Oblomovisme et théorie des possibilités

 

L'oblomovisme est un état de paresse extrême, de rêverie passive, d'apathie, de léthargie, d'inertie qui se manifeste dans l'horreur du travail et de la prise de décision. Pour l'oblomoviste, prendre un parti est à la fois un déchirement et un vrai casse-tête, surtout quand les conséquences des différentes décisions possibles ne sont pas connues avec certitude. Une solution consiste alors à employer des critères qualitatifs prenant leurs valeurs dans une échelle finie, totalement ordonnée (par exemple les fonctions d'utilité qualitative possibiliste). Mais il faudrait d'abord décider d'utiliser ces critères, et ça...

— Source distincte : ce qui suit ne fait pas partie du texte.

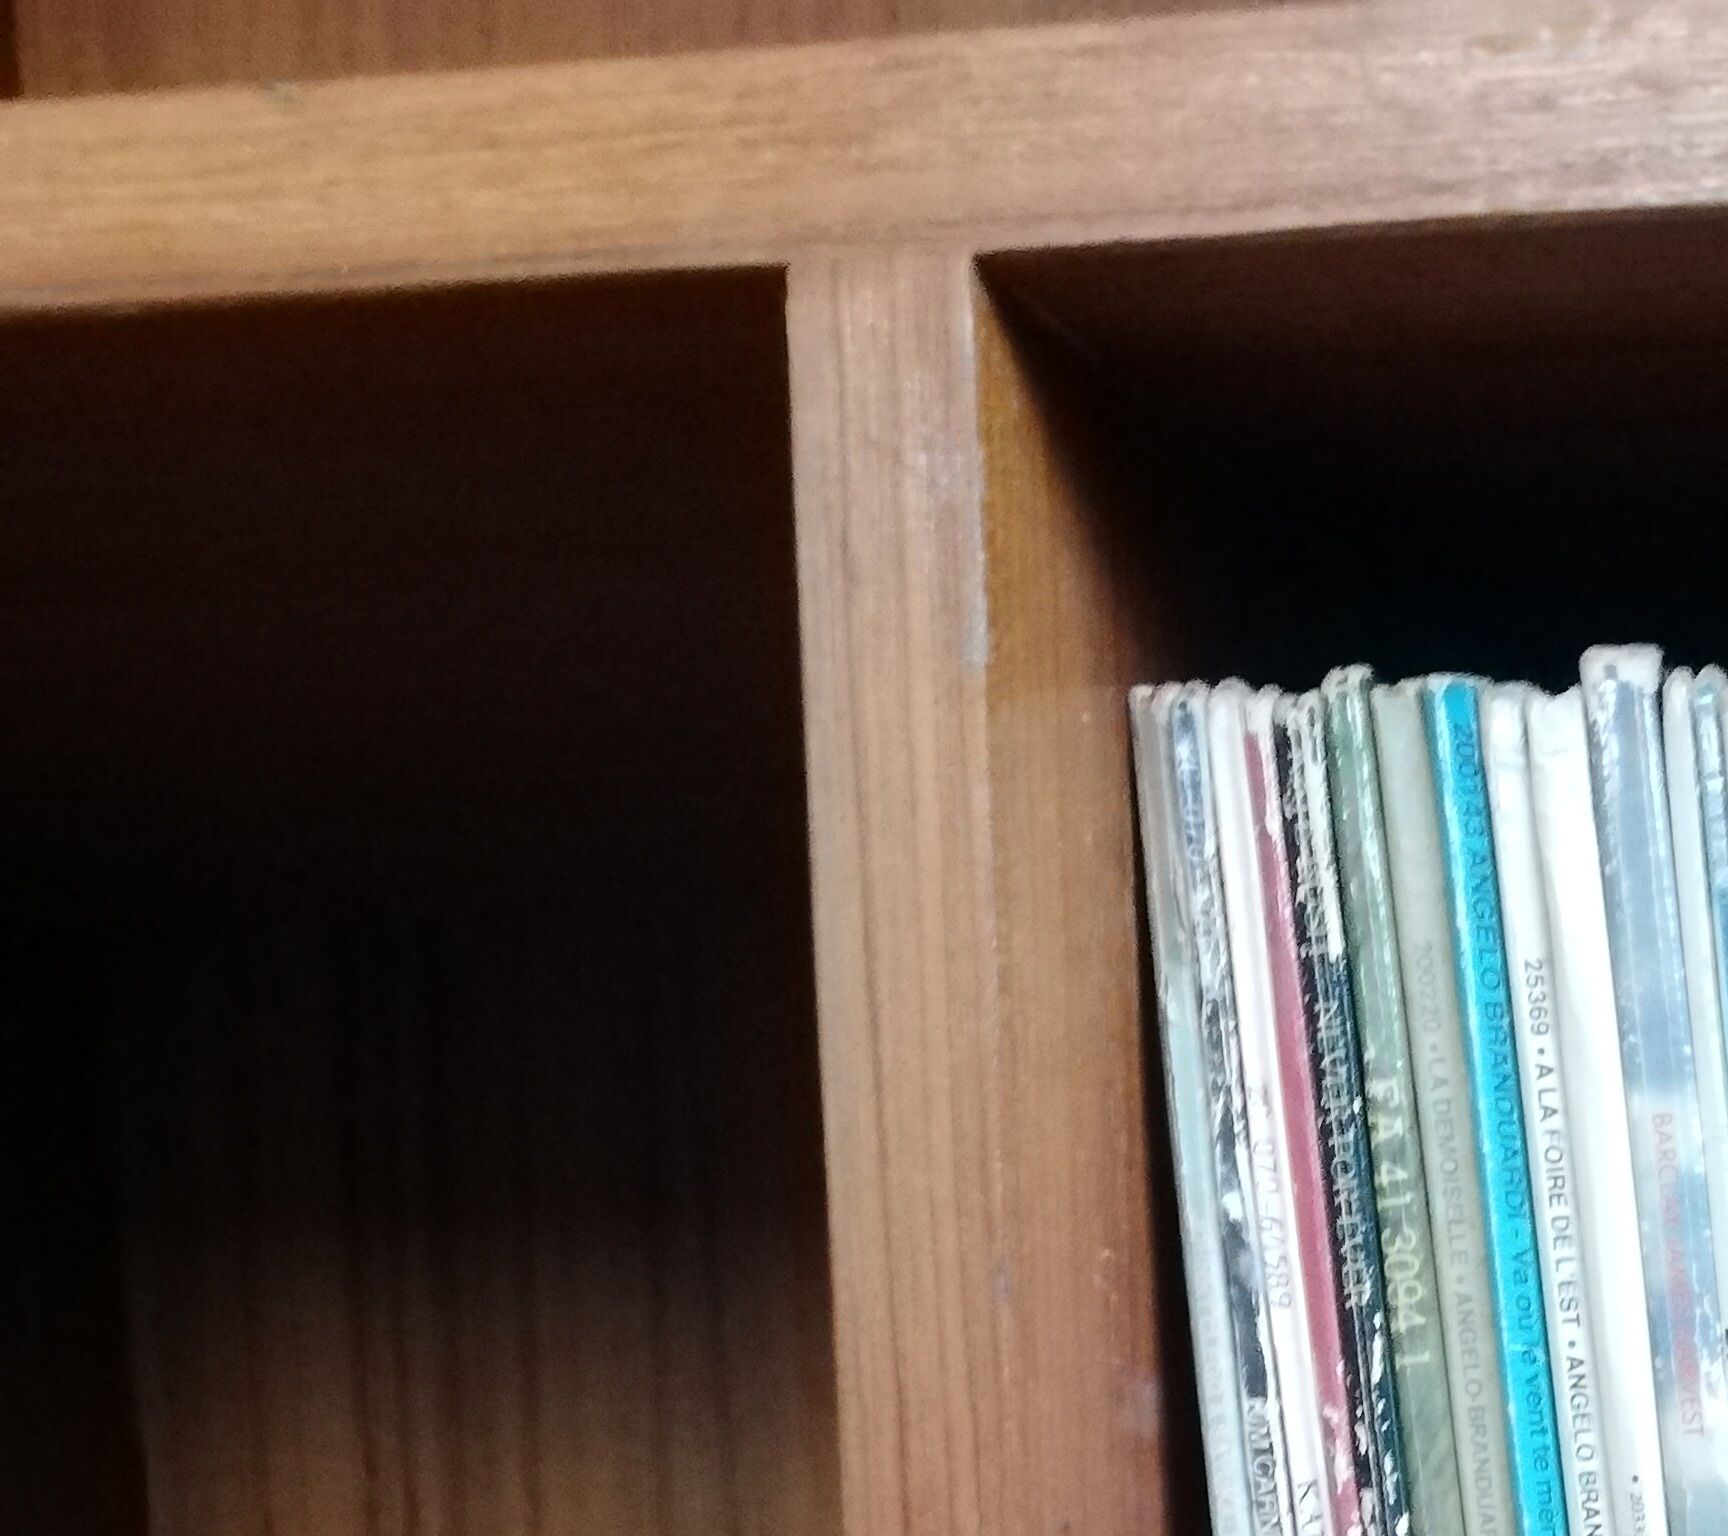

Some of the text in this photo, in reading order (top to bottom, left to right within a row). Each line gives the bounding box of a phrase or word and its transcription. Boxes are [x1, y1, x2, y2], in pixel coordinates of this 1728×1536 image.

[1463, 848, 1503, 992] ANGELO
[1520, 957, 1549, 1036] 25369
[1426, 1058, 1450, 1094] LA
[1532, 1062, 1554, 1081] A
[1535, 1087, 1559, 1124] LA
[1481, 1000, 1528, 1221] BRANDUARDI
[1431, 1099, 1470, 1265] DEMOISELLE
[1539, 1129, 1568, 1209] FOIRE
[1508, 1251, 1535, 1286] Va
[1548, 1215, 1572, 1252] DE
[1380, 1228, 1427, 1333] 3094
[1552, 1256, 1581, 1328] L'EST
[1649, 1112, 1706, 1438] BARCLAY JAMES HARVEST
[1522, 1373, 1549, 1435] vent
[1563, 1355, 1595, 1462] ANGELO
[1530, 1444, 1553, 1472] te
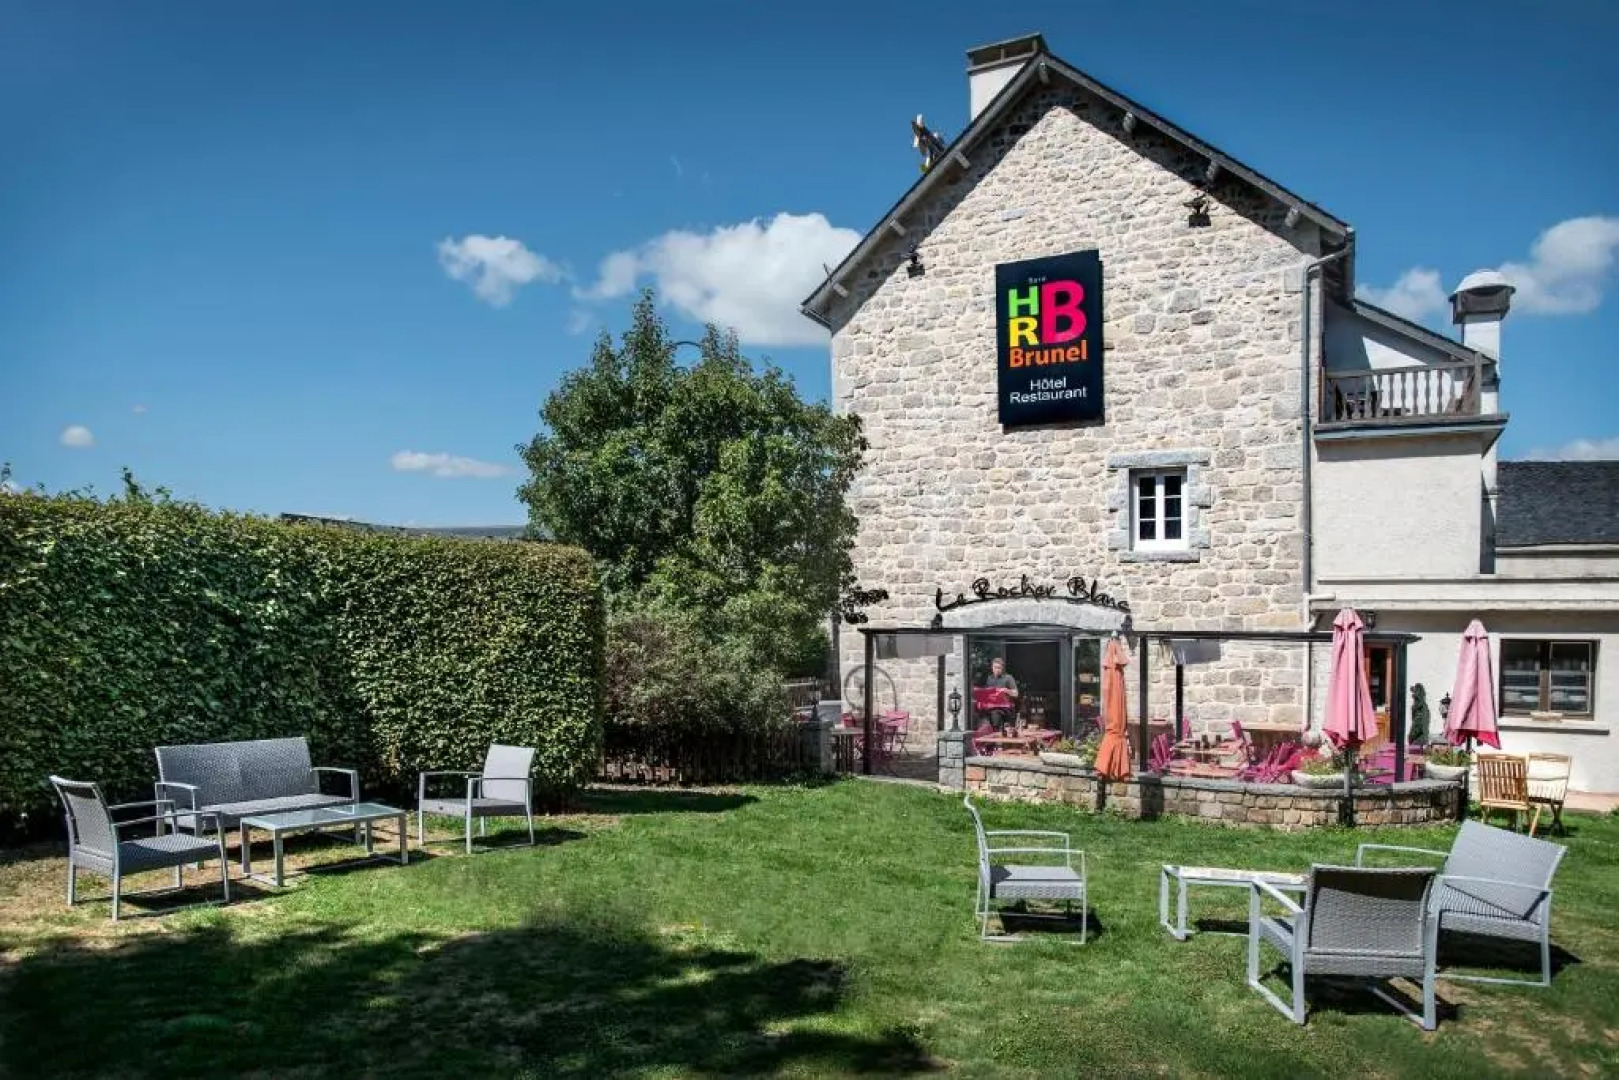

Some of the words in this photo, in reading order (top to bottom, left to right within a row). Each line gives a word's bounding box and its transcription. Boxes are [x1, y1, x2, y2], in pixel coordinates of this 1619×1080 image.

[1008, 285, 1039, 318] H
[1041, 279, 1087, 345] B
[1009, 317, 1039, 347] R
[1009, 340, 1088, 368] Brunel
[1009, 386, 1088, 404] Restaurant
[1030, 376, 1067, 391] Hôtel
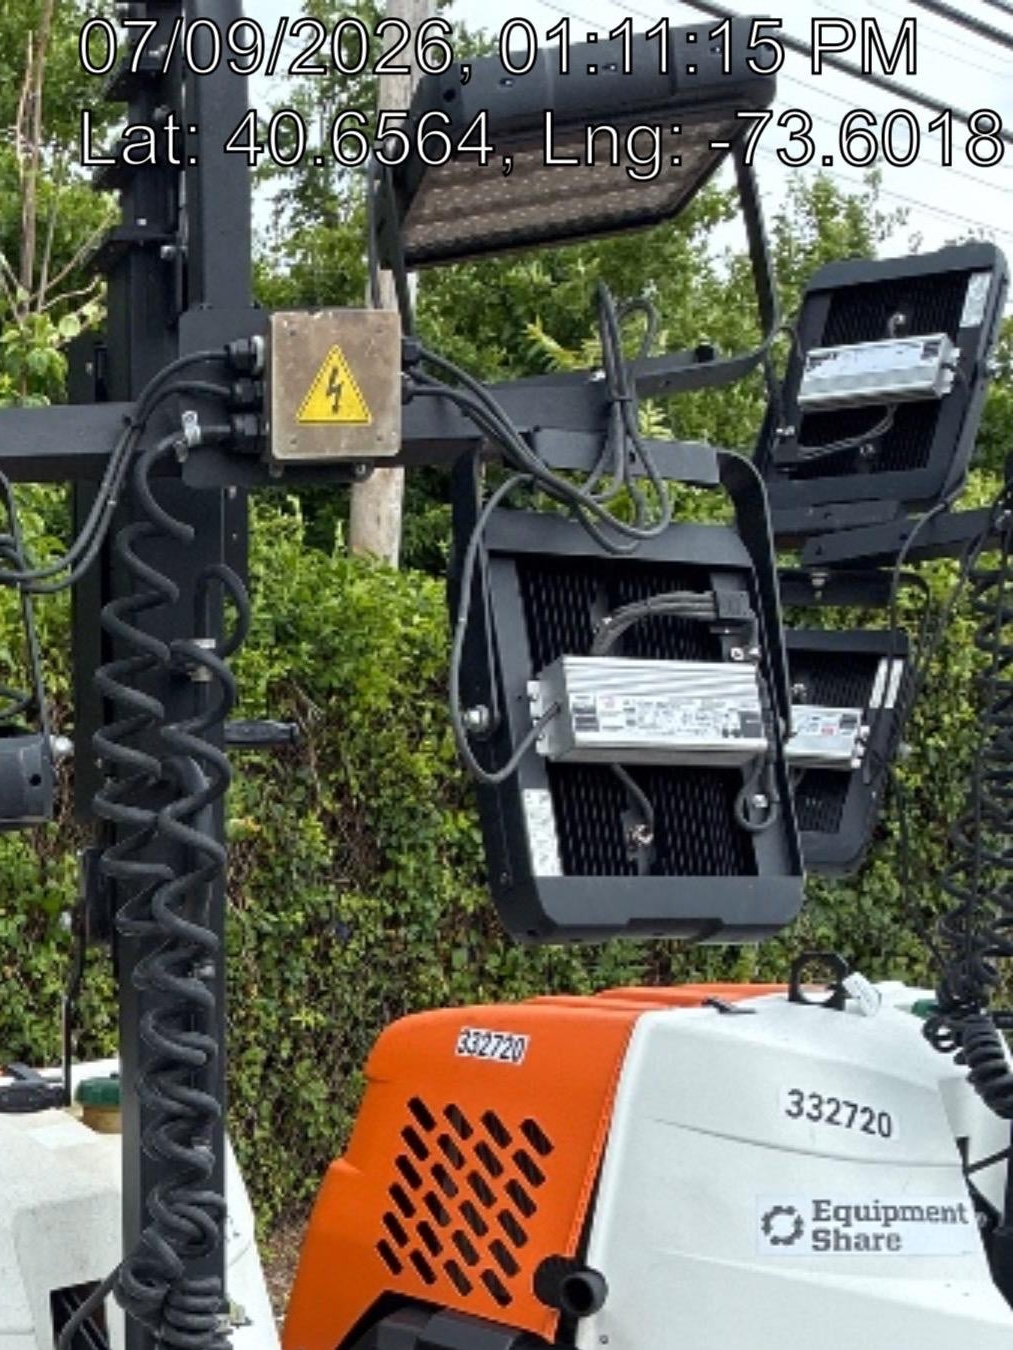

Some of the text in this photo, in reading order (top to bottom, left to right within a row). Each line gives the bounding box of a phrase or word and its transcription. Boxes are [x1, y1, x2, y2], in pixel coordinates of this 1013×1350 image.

[457, 1029, 526, 1063] 332720
[785, 1088, 893, 1138] 332720
[811, 1199, 970, 1227] Equipment
[811, 1228, 902, 1252] Share
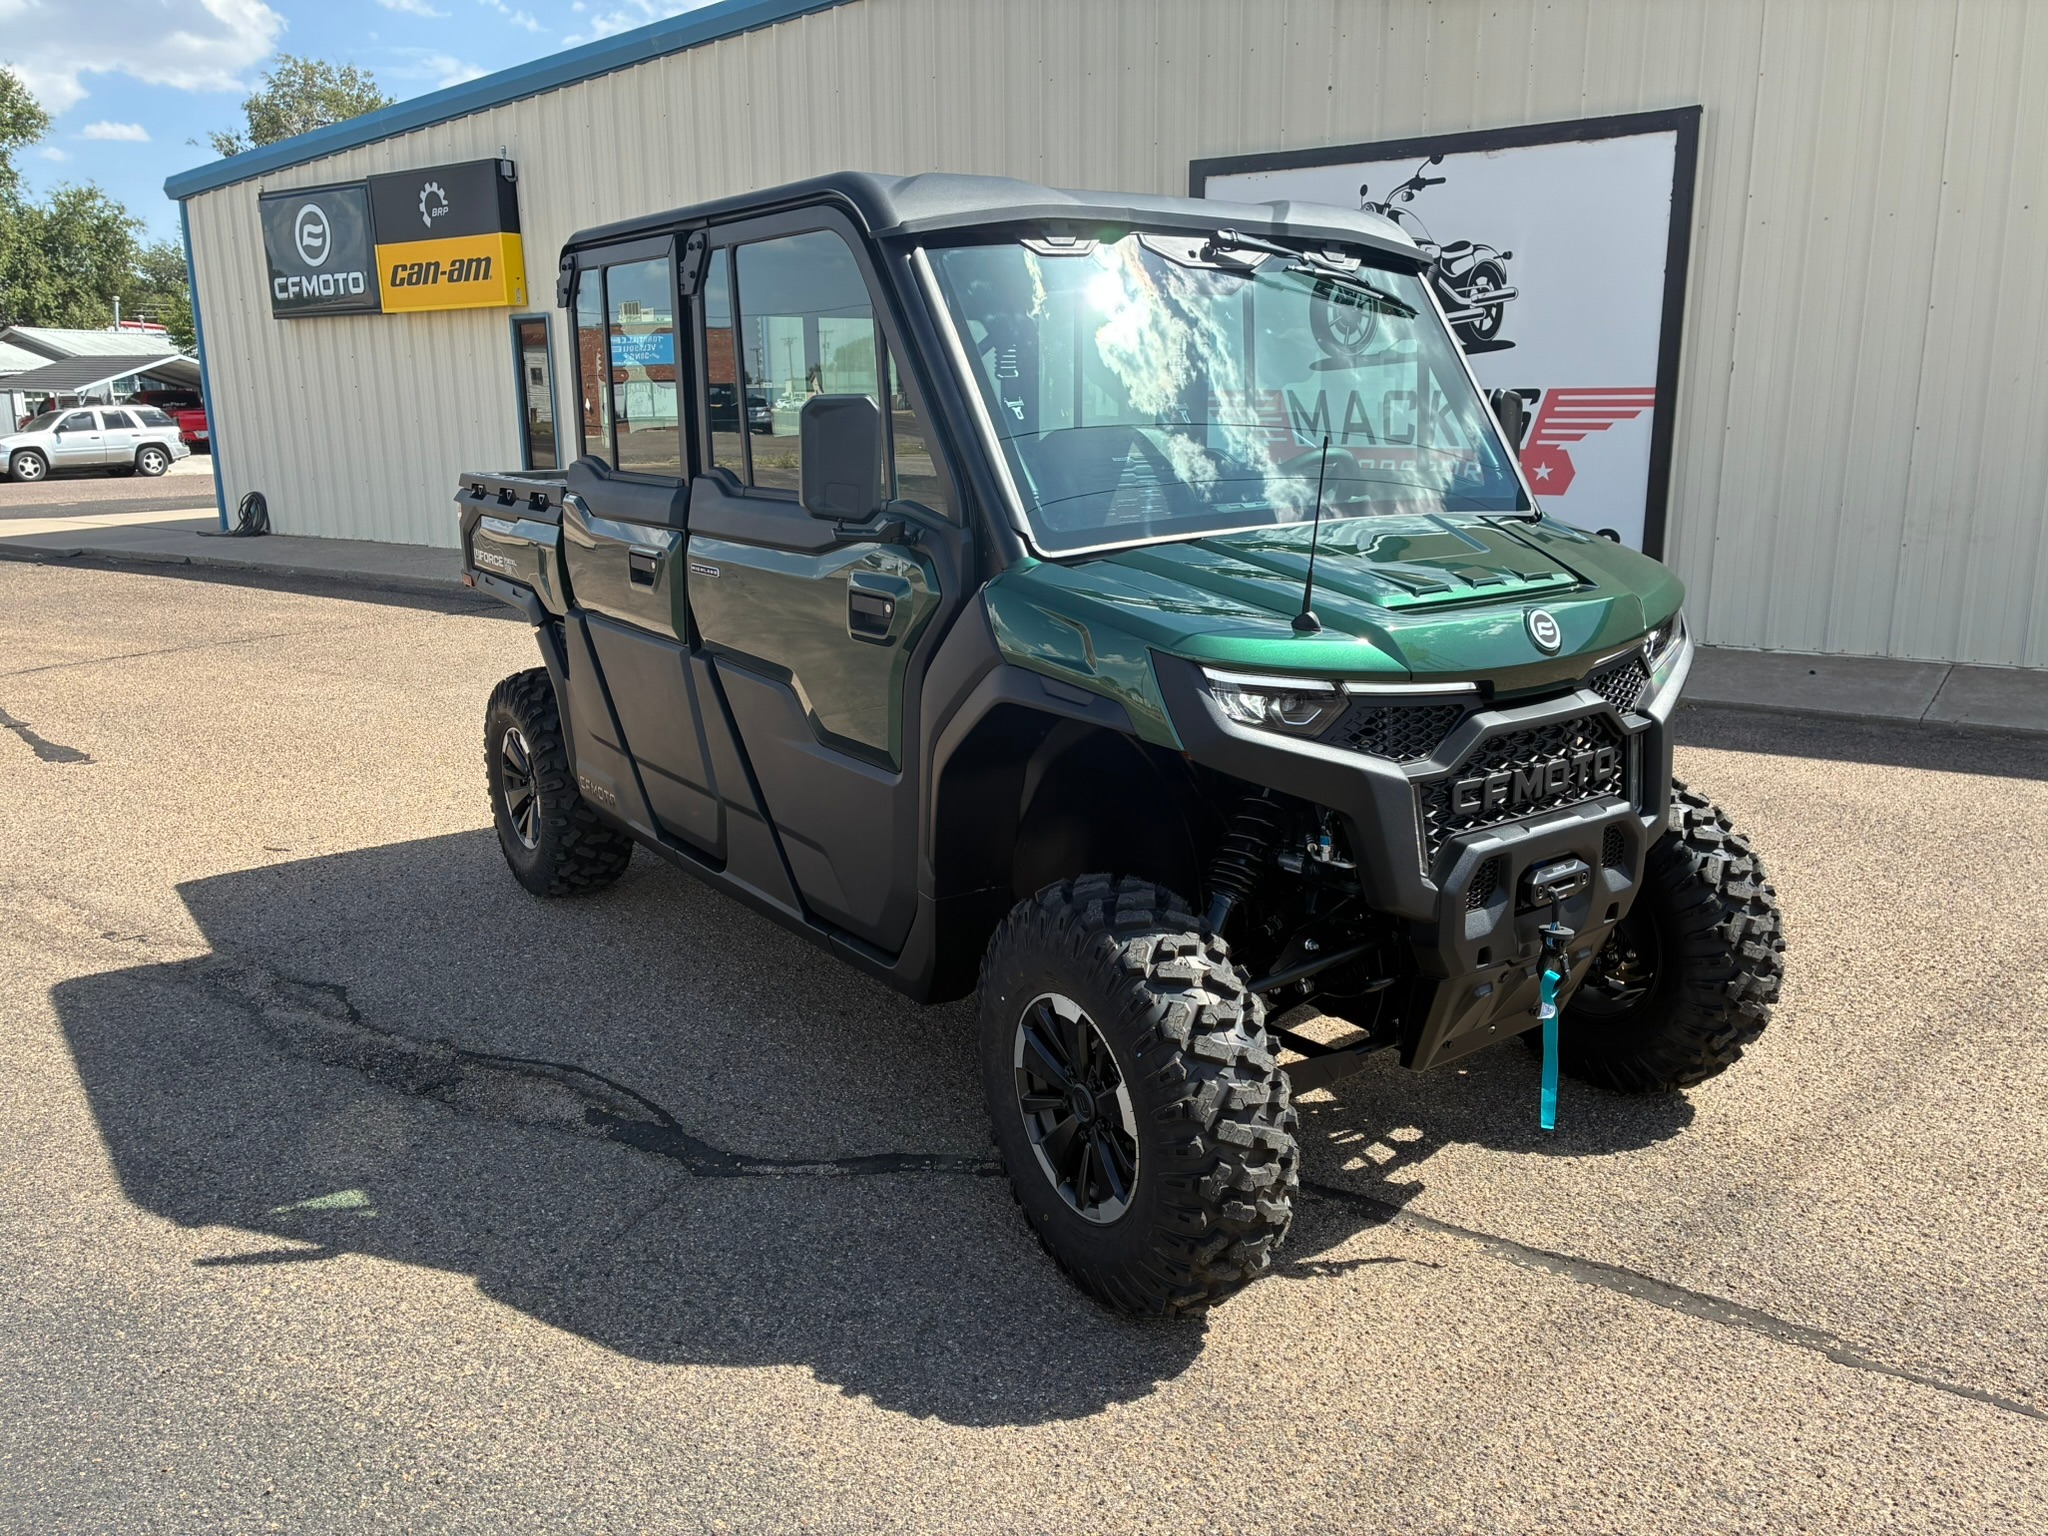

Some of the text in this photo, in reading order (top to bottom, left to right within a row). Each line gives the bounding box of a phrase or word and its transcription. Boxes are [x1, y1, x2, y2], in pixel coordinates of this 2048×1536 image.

(Louis Ribémont, Mémoires d'un gluon)

vendredi 28 octobre 2022

Bonne conduite

 

Les règles édictées par saint Benoît et complétées par Férillet Robert nous enseignent que le secret d'une bonne conduite réside dans le silence, la mesure et... l'homicide de soi-même. Mais oui !

(Louis Ribémont, Mémoires d'un gluon)

Temps de réflexion

 

En novembre 1944, Sándor Márai note dans son Journal : « Je ne vois aucun intérêt pour moi de continuer à vivre. » Mais l'écrivain hongrois était — du moins faut-il le croire — d'un tempérament lymphatique, car il ne mettra fin à ses jours qu'en février 1989.

(Louis Ribémont, Mémoires d'un gluon)

Haine de l'autrui lévinassien

 

Dans les Souvenirs de la maison des morts, le déporté polonais M-tski déclare au narrateur, en parlant des autres forçats : « Je hais ces brigands ». Et l'on a envie de lui serrer la main, de lui donner une tape dans le dos et de lui dire : « Bravo ! Tout juste ! Voilà qui est parlé ! Nous aussi ! »

(Louis Ribémont, Mémoires d'un gluon)

Life in vain

 

La vie du nihilique — mais c'est aussi vrai de celle du proverbial « homme de la rue » bien qu'il ne paraisse pas en être pleinement conscient — est faite de journées inutiles, qui s'abîment l'une après l'autre dans le néant.